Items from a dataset
== Segment start ==

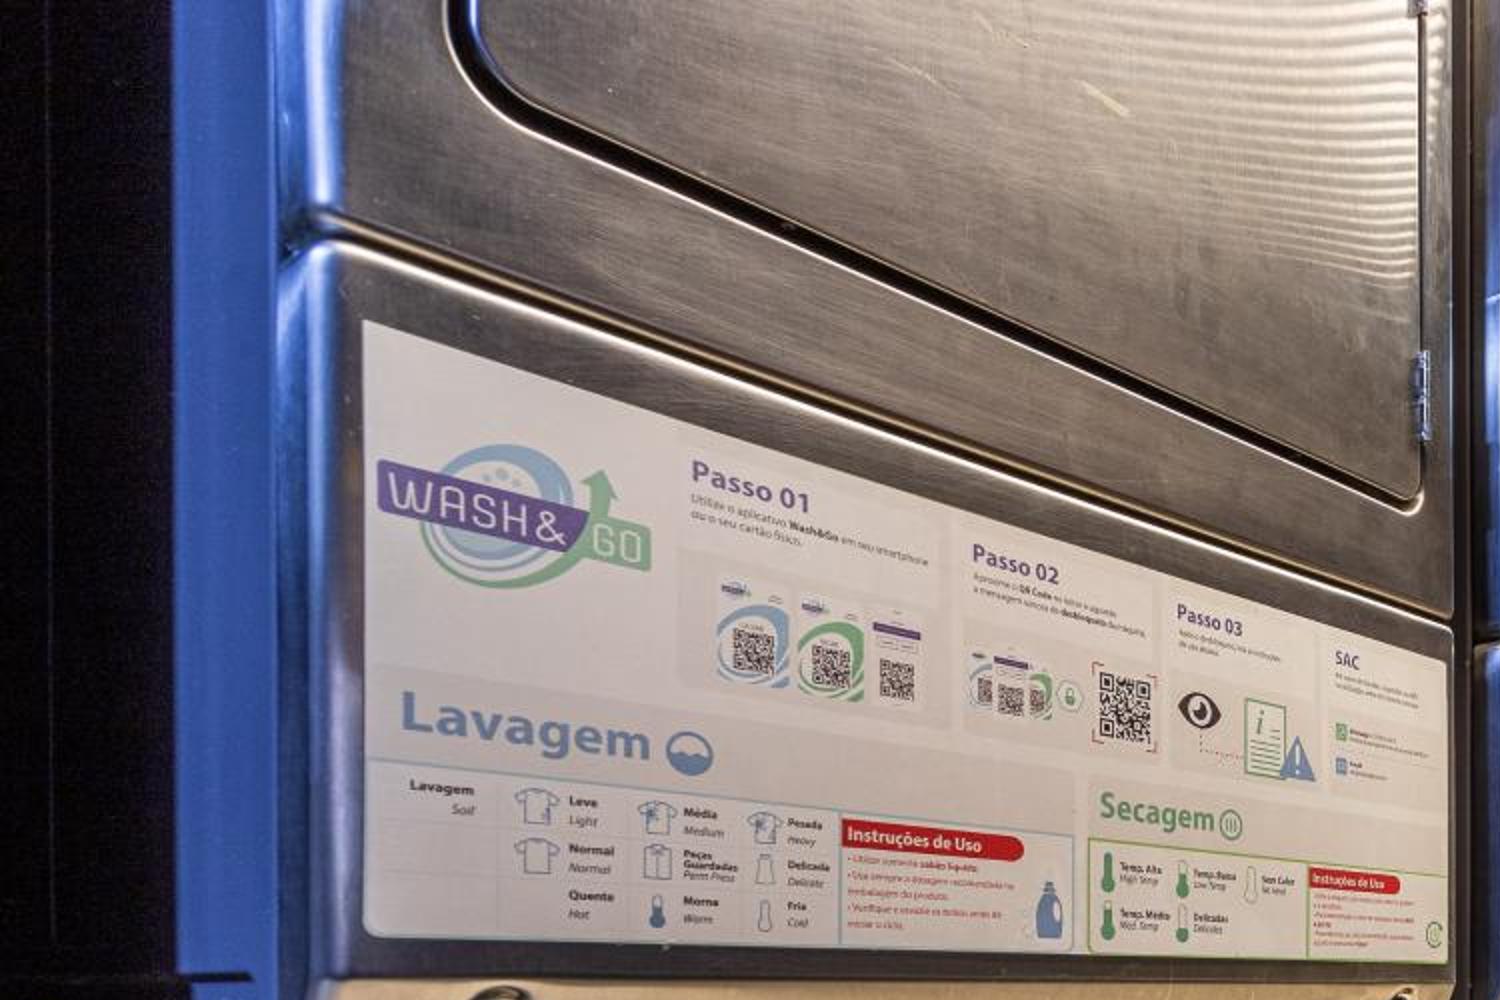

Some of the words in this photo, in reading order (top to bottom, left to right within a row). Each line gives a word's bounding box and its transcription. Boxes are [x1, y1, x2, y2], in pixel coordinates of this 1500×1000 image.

[692, 460, 773, 502] Passo
[779, 487, 809, 513] 01
[386, 470, 568, 546] WASH&
[737, 507, 787, 527] aplicativo
[718, 518, 737, 530] seu
[739, 522, 773, 539] cartão
[593, 522, 643, 563] GO
[973, 543, 1031, 577] Passo
[1036, 563, 1060, 585] 02
[1177, 603, 1221, 631] Passo
[1225, 618, 1243, 637] 03
[1335, 650, 1360, 671] SAC
[401, 690, 650, 760] Lavagem
[409, 779, 475, 797] Lavagem
[569, 796, 598, 809] Leve
[1100, 791, 1215, 834] Secagem
[569, 814, 598, 828] Light
[848, 826, 930, 849] Instruções
[933, 835, 951, 849] de
[954, 838, 983, 853] Uso
[568, 843, 615, 857] Normal
[568, 863, 611, 876] Normal
[568, 889, 615, 903] Quente
[683, 896, 720, 908] Morna
[568, 908, 590, 921] Hot
[787, 901, 807, 912] Fria
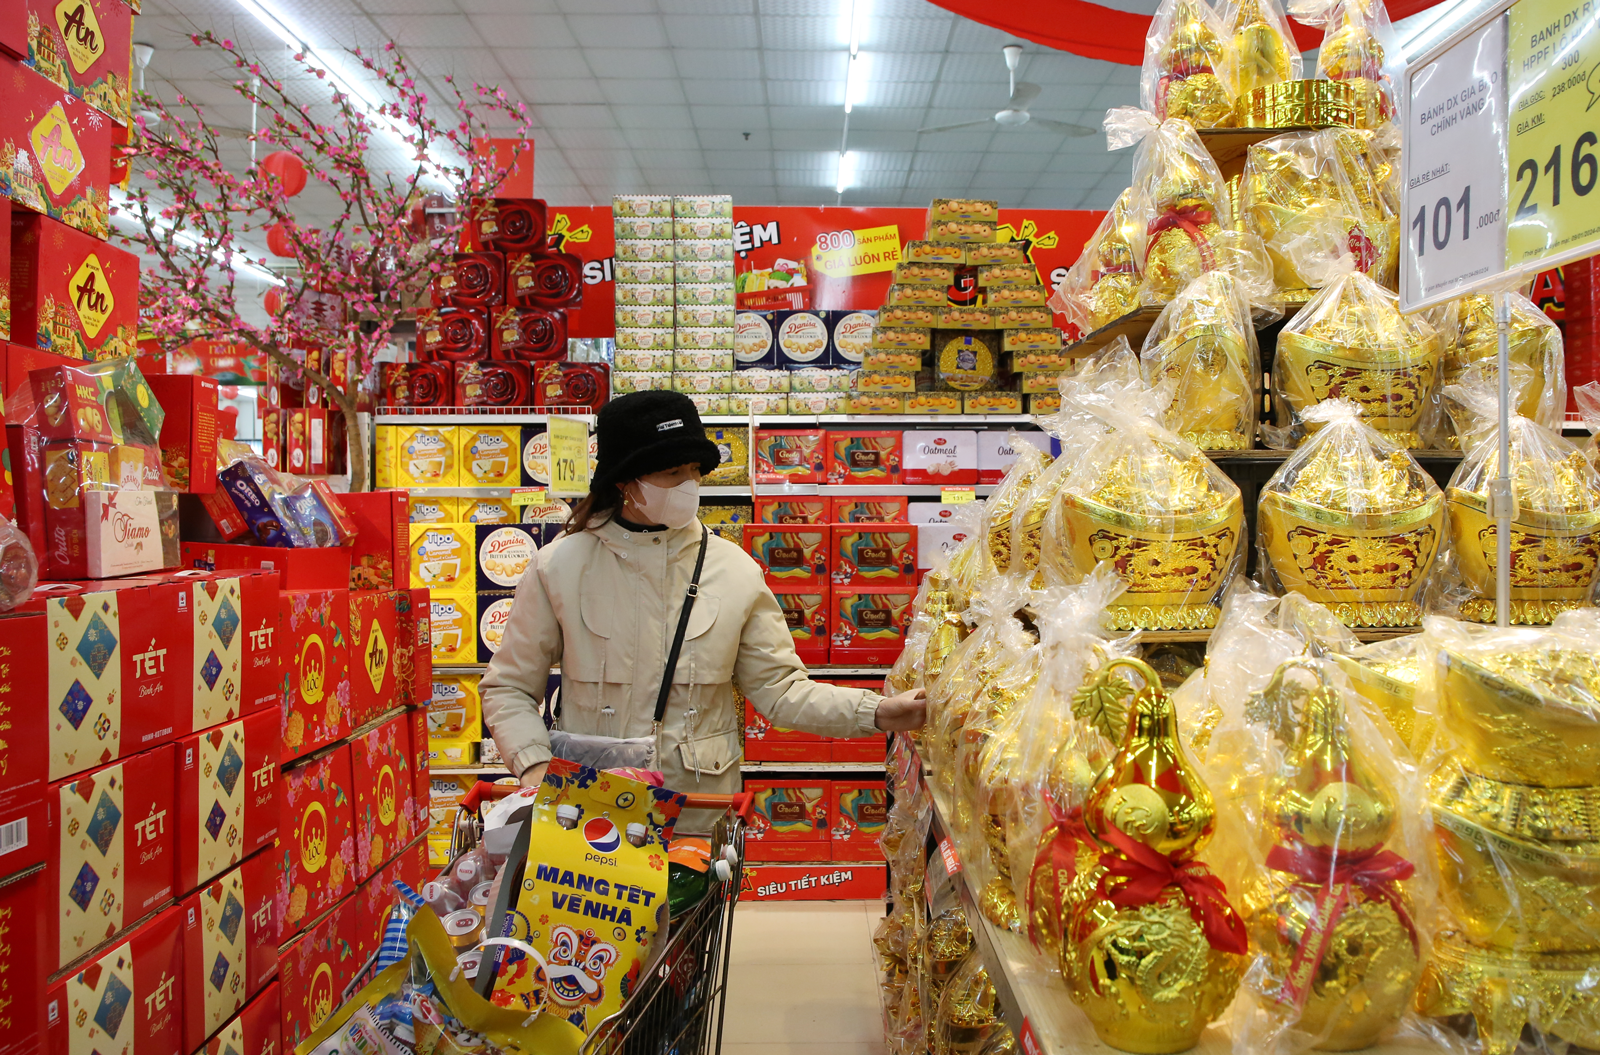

== Segment end ==

• [What to produce]: Write out every entry above exactly, minus the pictures.

• [Answer space]:
Some of the words in this photo, in reading order (top to bottom, left to right within a row). Each line gives a word's bounding box and its transcription. Boxes are [x1, y1, x2, y2], in pixel coordinates of this 1500×1000 image.

[692, 460, 773, 502] Passo
[779, 487, 809, 513] 01
[386, 470, 568, 546] WASH&
[737, 507, 787, 527] aplicativo
[718, 518, 737, 530] seu
[739, 522, 773, 539] cartão
[593, 522, 643, 563] GO
[973, 543, 1031, 577] Passo
[1036, 563, 1060, 585] 02
[1177, 603, 1221, 631] Passo
[1225, 618, 1243, 637] 03
[1335, 650, 1360, 671] SAC
[401, 690, 650, 760] Lavagem
[409, 779, 475, 797] Lavagem
[569, 796, 598, 809] Leve
[1100, 791, 1215, 834] Secagem
[569, 814, 598, 828] Light
[848, 826, 930, 849] Instruções
[933, 835, 951, 849] de
[954, 838, 983, 853] Uso
[568, 843, 615, 857] Normal
[568, 863, 611, 876] Normal
[568, 889, 615, 903] Quente
[683, 896, 720, 908] Morna
[568, 908, 590, 921] Hot
[787, 901, 807, 912] Fria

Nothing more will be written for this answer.